[Start of section]
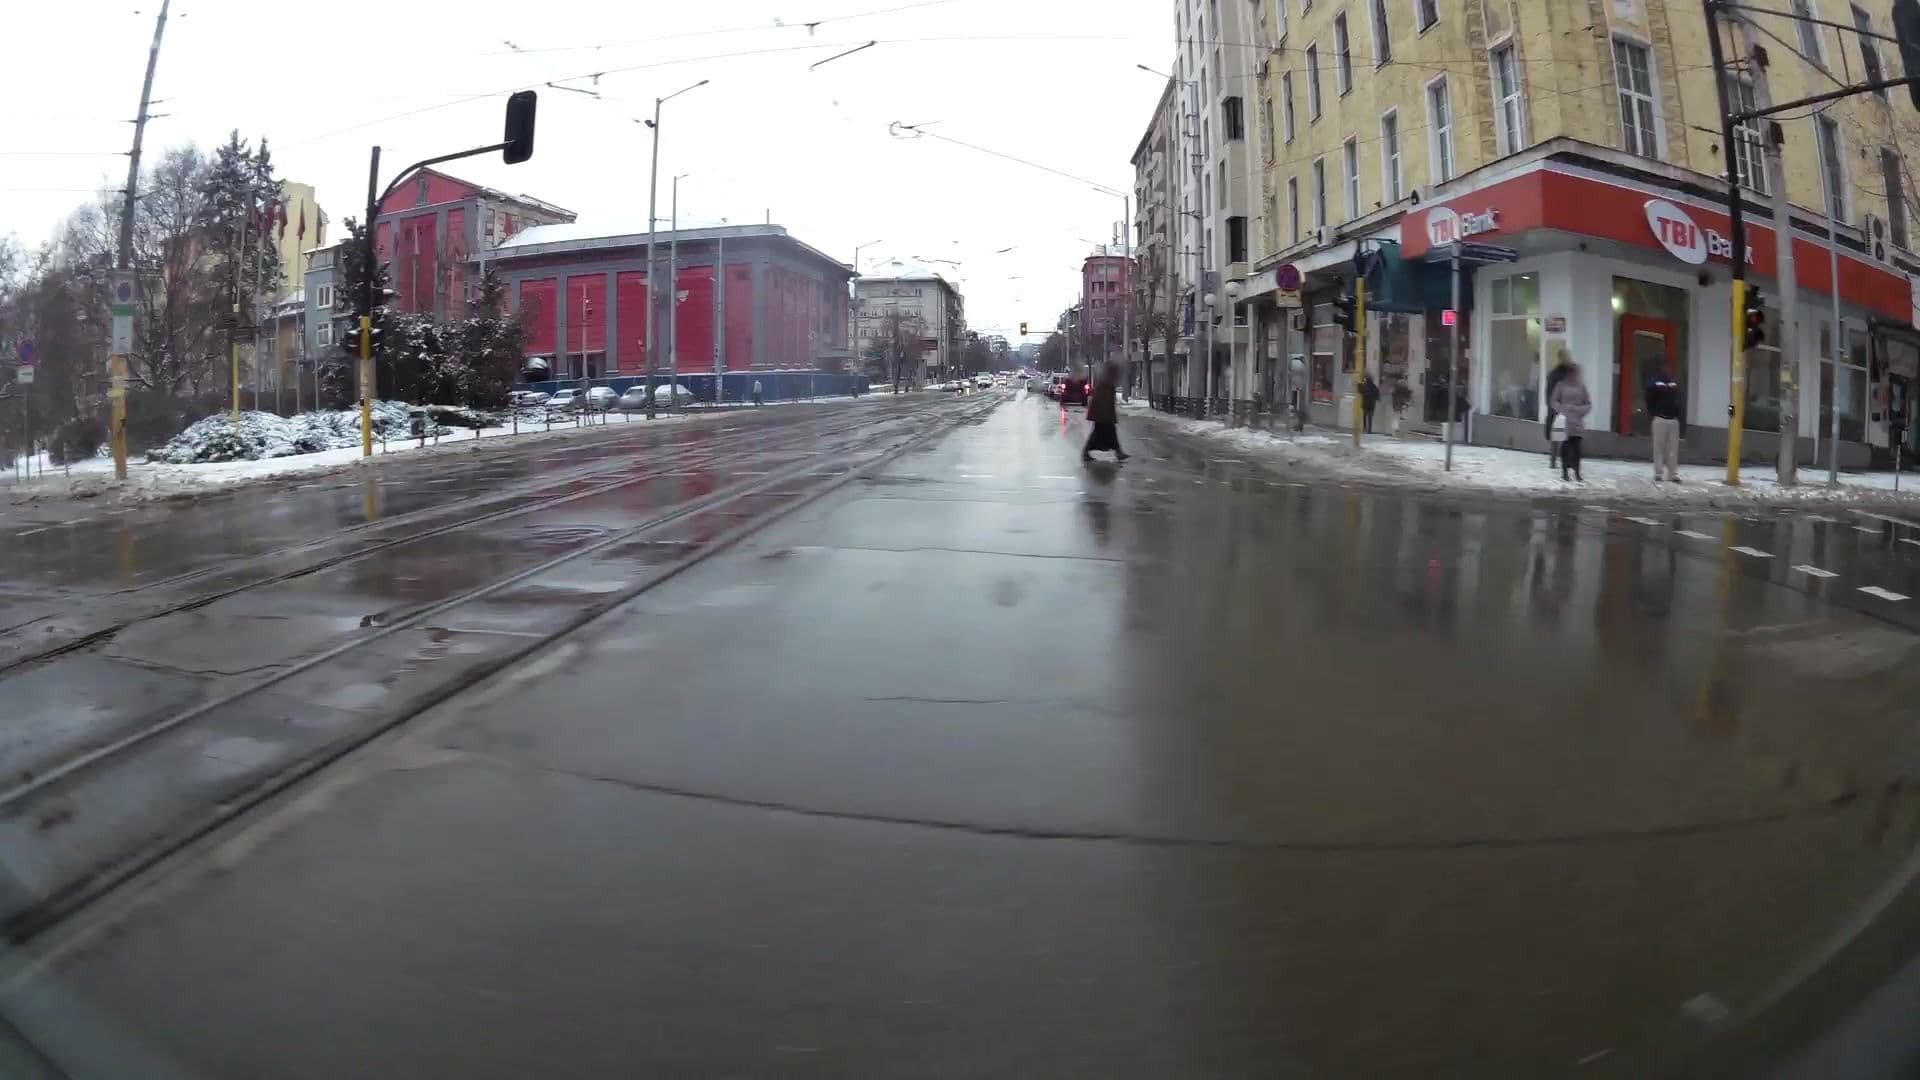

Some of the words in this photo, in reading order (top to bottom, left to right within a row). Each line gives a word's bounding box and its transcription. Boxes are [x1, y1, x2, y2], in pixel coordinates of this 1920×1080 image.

[1461, 208, 1500, 238] Bank
[1656, 215, 1697, 250] TBI
[1704, 228, 1754, 265] Bak
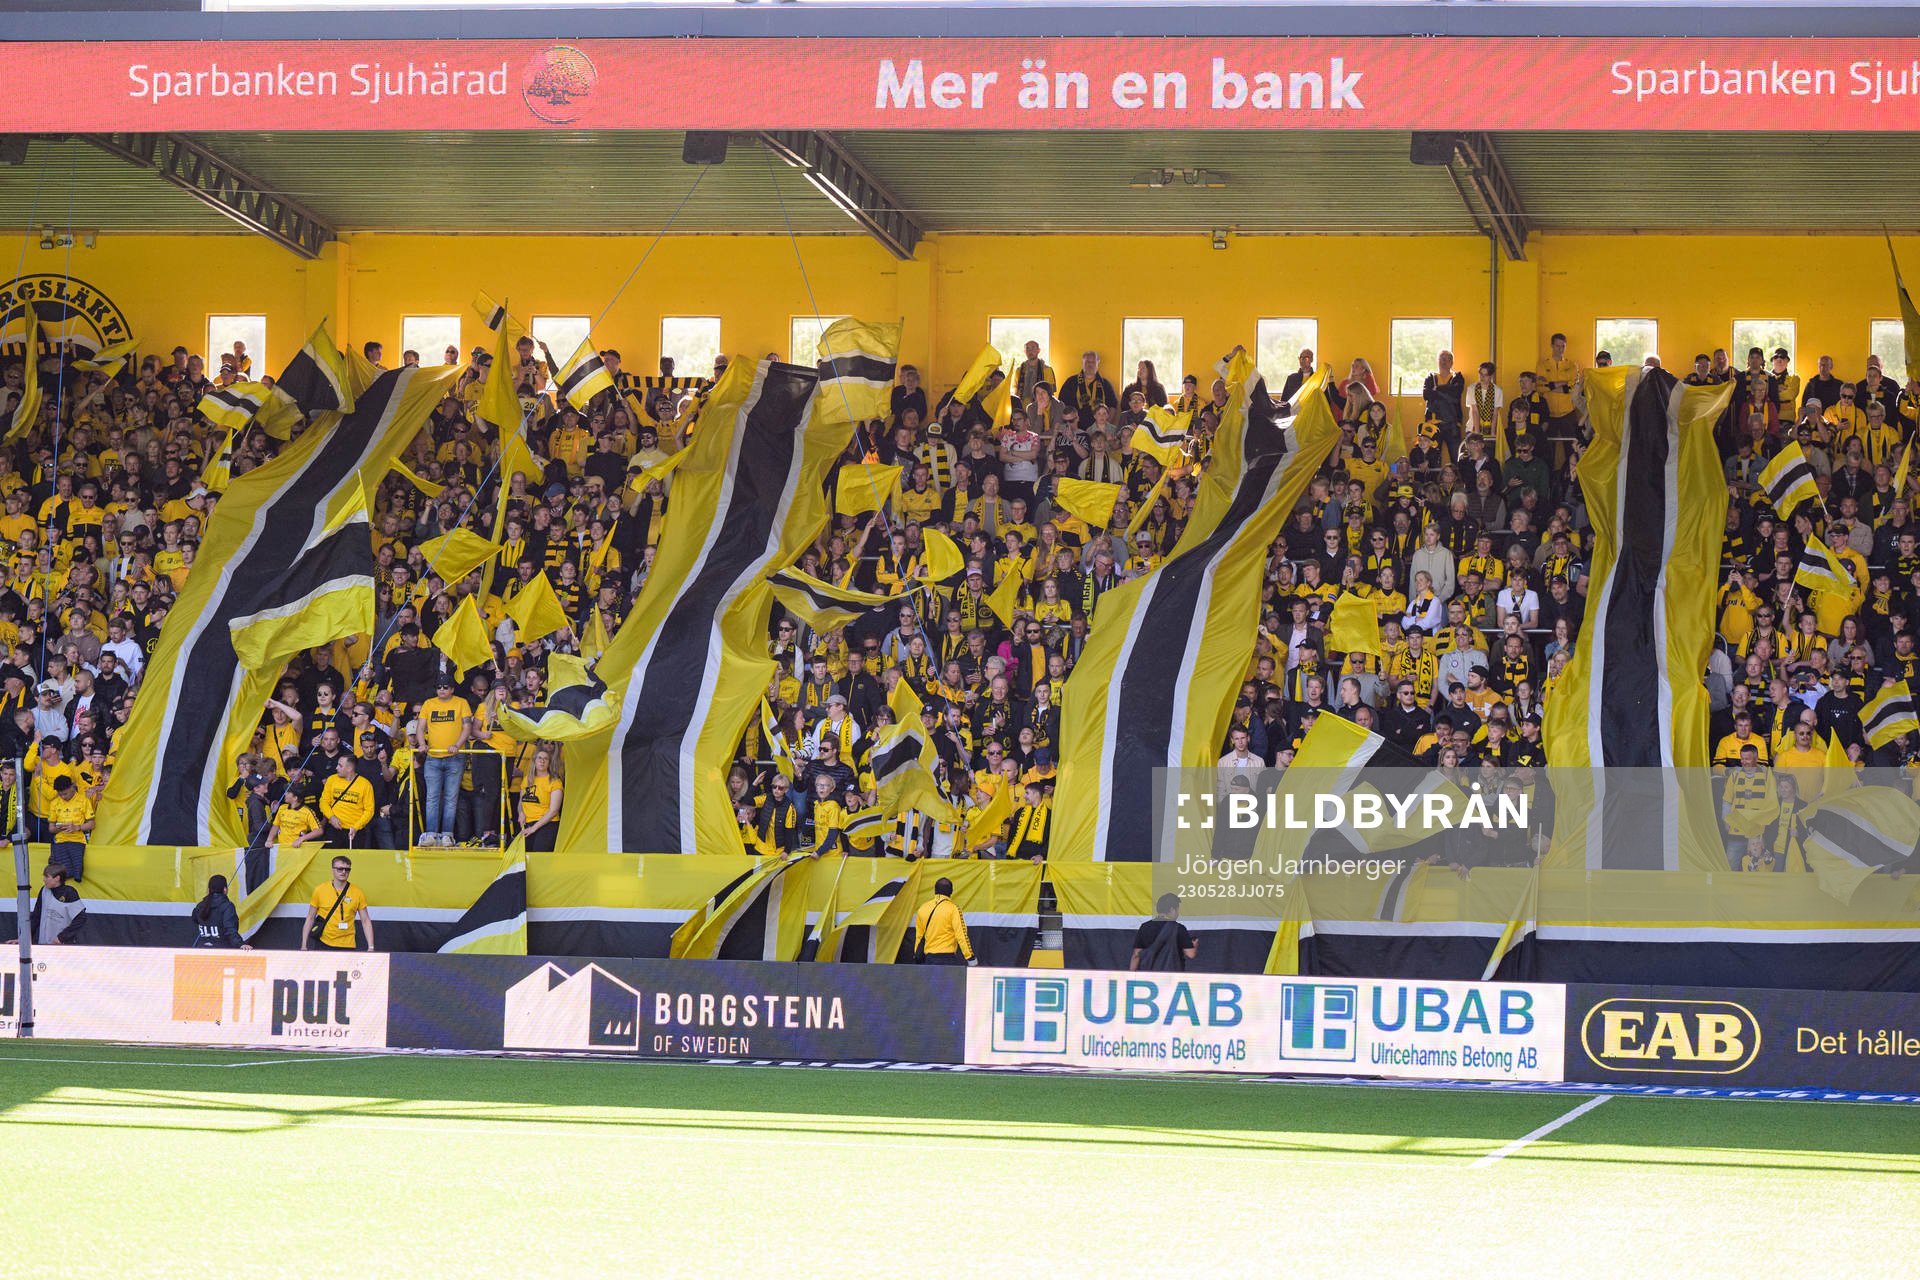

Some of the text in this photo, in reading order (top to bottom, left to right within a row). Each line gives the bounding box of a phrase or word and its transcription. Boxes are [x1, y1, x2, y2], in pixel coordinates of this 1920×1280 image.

[128, 62, 508, 104] Sparbanken Sjuhärad
[874, 57, 1364, 110] Mer än en bank
[1611, 60, 1836, 102] Sparbanken
[655, 992, 845, 1030] BORGSTENA
[1083, 978, 1244, 1028] UBAB
[1372, 986, 1535, 1036] UBAB
[288, 1024, 351, 1038] interiör
[654, 1035, 750, 1055] OF SWEDEN
[1082, 1034, 1246, 1065] Ulricehamns Betong AB
[1601, 1010, 1744, 1062] EAB
[1797, 1027, 1847, 1054] Det
[1371, 1041, 1537, 1073] Ulricehamns Betong AB
[End of section]
- Problem requirements
Make an exact copy of every record, pictures excluded.

- The answer
Some of the words in this photo, in reading order (top to bottom, left to right within a row). Each line gives a word's bounding box and its transcription. Boxes are [x1, y1, x2, y2], in pixel coordinates of this 1920×1080 image.

[1461, 208, 1500, 238] Bank
[1656, 215, 1697, 250] TBI
[1704, 228, 1754, 265] Bak

Some of the text in this photo, in reading order (top to bottom, left to right within a row). Each line gives the bounding box of a phrase or word and its transcription. Boxes are [x1, y1, x2, y2], in pixel coordinates of this 1920×1280 image.

[128, 62, 508, 104] Sparbanken Sjuhärad
[874, 57, 1364, 110] Mer än en bank
[1611, 60, 1836, 102] Sparbanken
[655, 992, 845, 1030] BORGSTENA
[1083, 978, 1244, 1028] UBAB
[1372, 986, 1535, 1036] UBAB
[288, 1024, 351, 1038] interiör
[654, 1035, 750, 1055] OF SWEDEN
[1082, 1034, 1246, 1065] Ulricehamns Betong AB
[1601, 1010, 1744, 1062] EAB
[1797, 1027, 1847, 1054] Det
[1371, 1041, 1537, 1073] Ulricehamns Betong AB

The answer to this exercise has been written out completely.